Lo que para muchos habría sido una mala inversión terminó convirtiéndose en el origen de una de las empresas textiles más importantes de América Latina. A mediados de la década de 1950, Rodolfo Francisco de Souza regresó a su casa, en Luiz Alves, Santa Catarina, con 600 metros de seda que nadie quería comprar. El tejido había pasado de moda y parecía destinado a ocupar espacio en el depósito familiar.

Sin embargo, su esposa, Adelina Clara Hess de Souza, encontró una salida inesperada. Madre de 16 hijos y con conocimientos de corte y confección adquiridos años antes, decidió transformar esa seda en camisas.

Las primeras prendas se vendieron rápidamente en el comercio de la familia y demostraron que aquel material podía tener un destino mucho más rentable que el imaginado inicialmente.

La experiencia fue tan positiva que en 1957 Adelina dio un paso más. Contrató a dos costureras para trabajar en un cuarto de su vivienda, que durante el día funcionaba como pequeño taller y por las noches recuperaba su uso doméstico.

Como el matrimonio no tenía dinero para comprar maquinaria, las empleadas llevaban sus propias máquinas de coser y recibían un pago adicional por utilizarlas.

A las limitaciones económicas se sumaba otro desafío: la localidad todavía no contaba con la infraestructura eléctrica suficiente para abastecer la producción. Para mantener el taller en funcionamiento, la familia adquirió un generador usado, lo que permitió continuar con la fabricación de las camisas mientras el emprendimiento comenzaba a crecer.

Con el aumento de la demanda, el espacio dentro de la casa quedó chico y la producción se trasladó a un inmueble cercano. En 1962 la empresa adoptó oficialmente el nombre Indústria e Comércio Dudalina S.A., una combinación de los apodos de sus fundadores: “Duda” y “Lina”. Adelina no solo supervisaba la confección, sino que también participaba en la búsqueda de costureras y en la venta de las prendas.

Uno de los primeros pedidos importantes llegó desde el Batallón Rodoviario de Lages, en Santa Catarina, que encargó 54 camisas. Ese contrato marcó el comienzo de una expansión que se aceleró durante las décadas siguientes. Hacia mediados de los años 90, la empresa ya contaba con cerca de mil empleados, cinco fábricas entre Santa Catarina y Paraná y una producción estimada de 1,8 millones de prendas anuales.

El negocio también se convirtió en un proyecto familiar. Con el tiempo, varios de los 16 hijos de Adelina y Rodolfo participaron en la compañía y una de sus hijas, Sônia Hess, llegó a ocupar la conducción ejecutiva de la firma.

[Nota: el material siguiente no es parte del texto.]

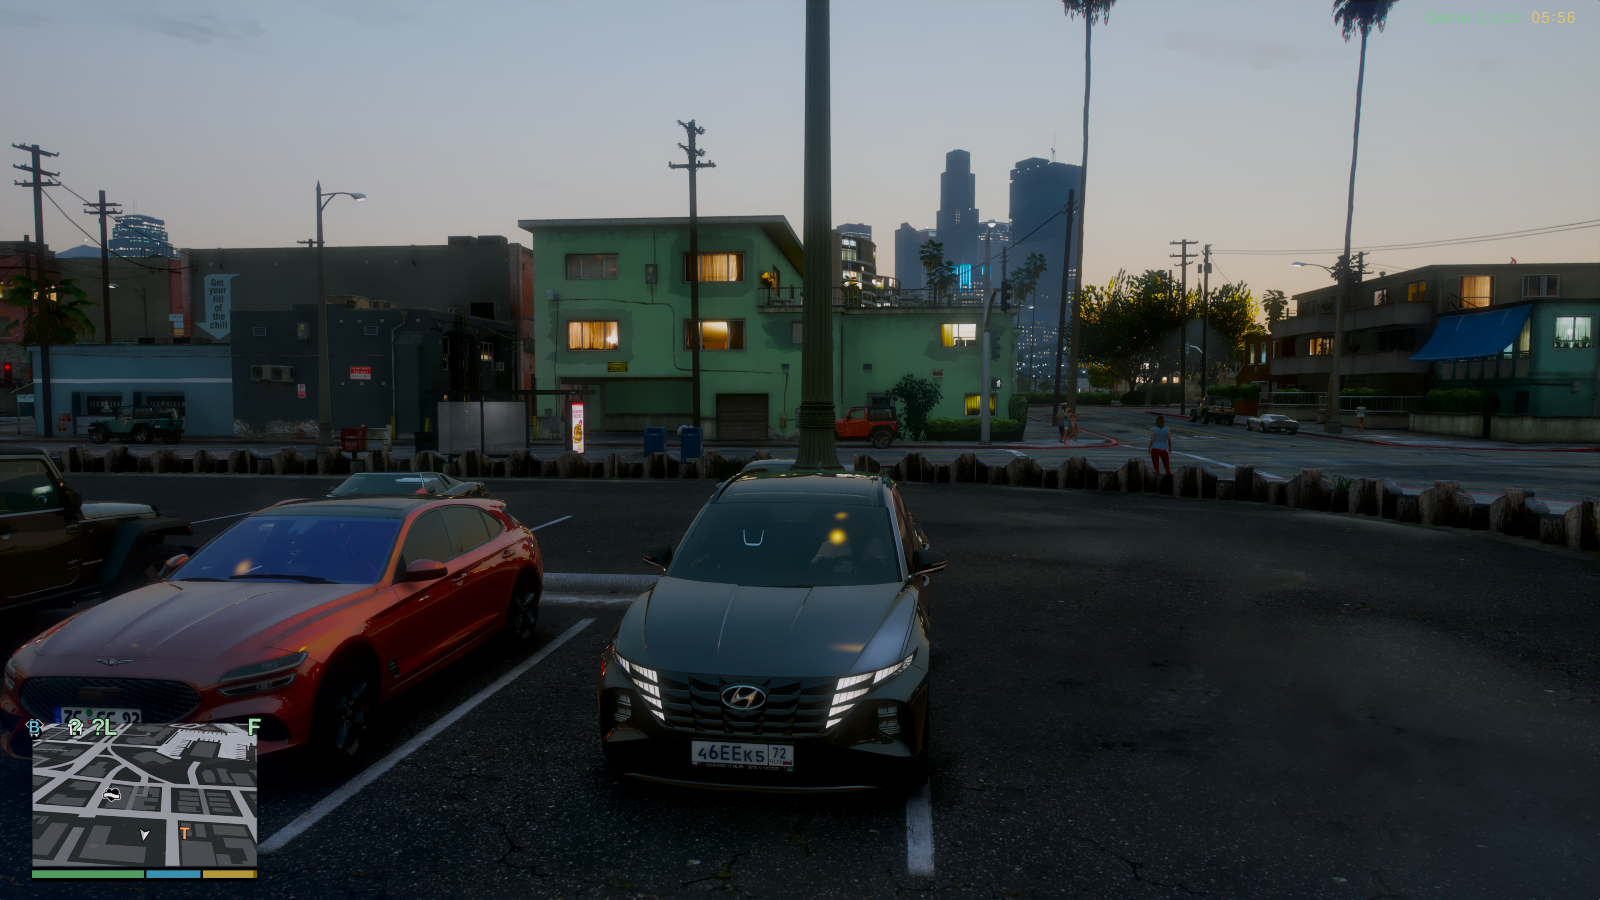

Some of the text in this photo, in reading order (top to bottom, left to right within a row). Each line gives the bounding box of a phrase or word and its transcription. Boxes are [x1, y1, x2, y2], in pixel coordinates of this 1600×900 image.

Tras la muerte de Adelina, en 2008, la empresa inició una nueva etapa. En 2013 ingresaron nuevos inversores y, un año después, Dudalina pasó a formar parte del grupo Restoque, hoy denominado Veste S.A.

Actualmente la marca continúa operando con tiendas propias, franquicias y comercio electrónico, manteniendo vigente el legado de aquella decisión que transformó un lote de seda invendible en una de las historias empresariales más exitosas de Brasil.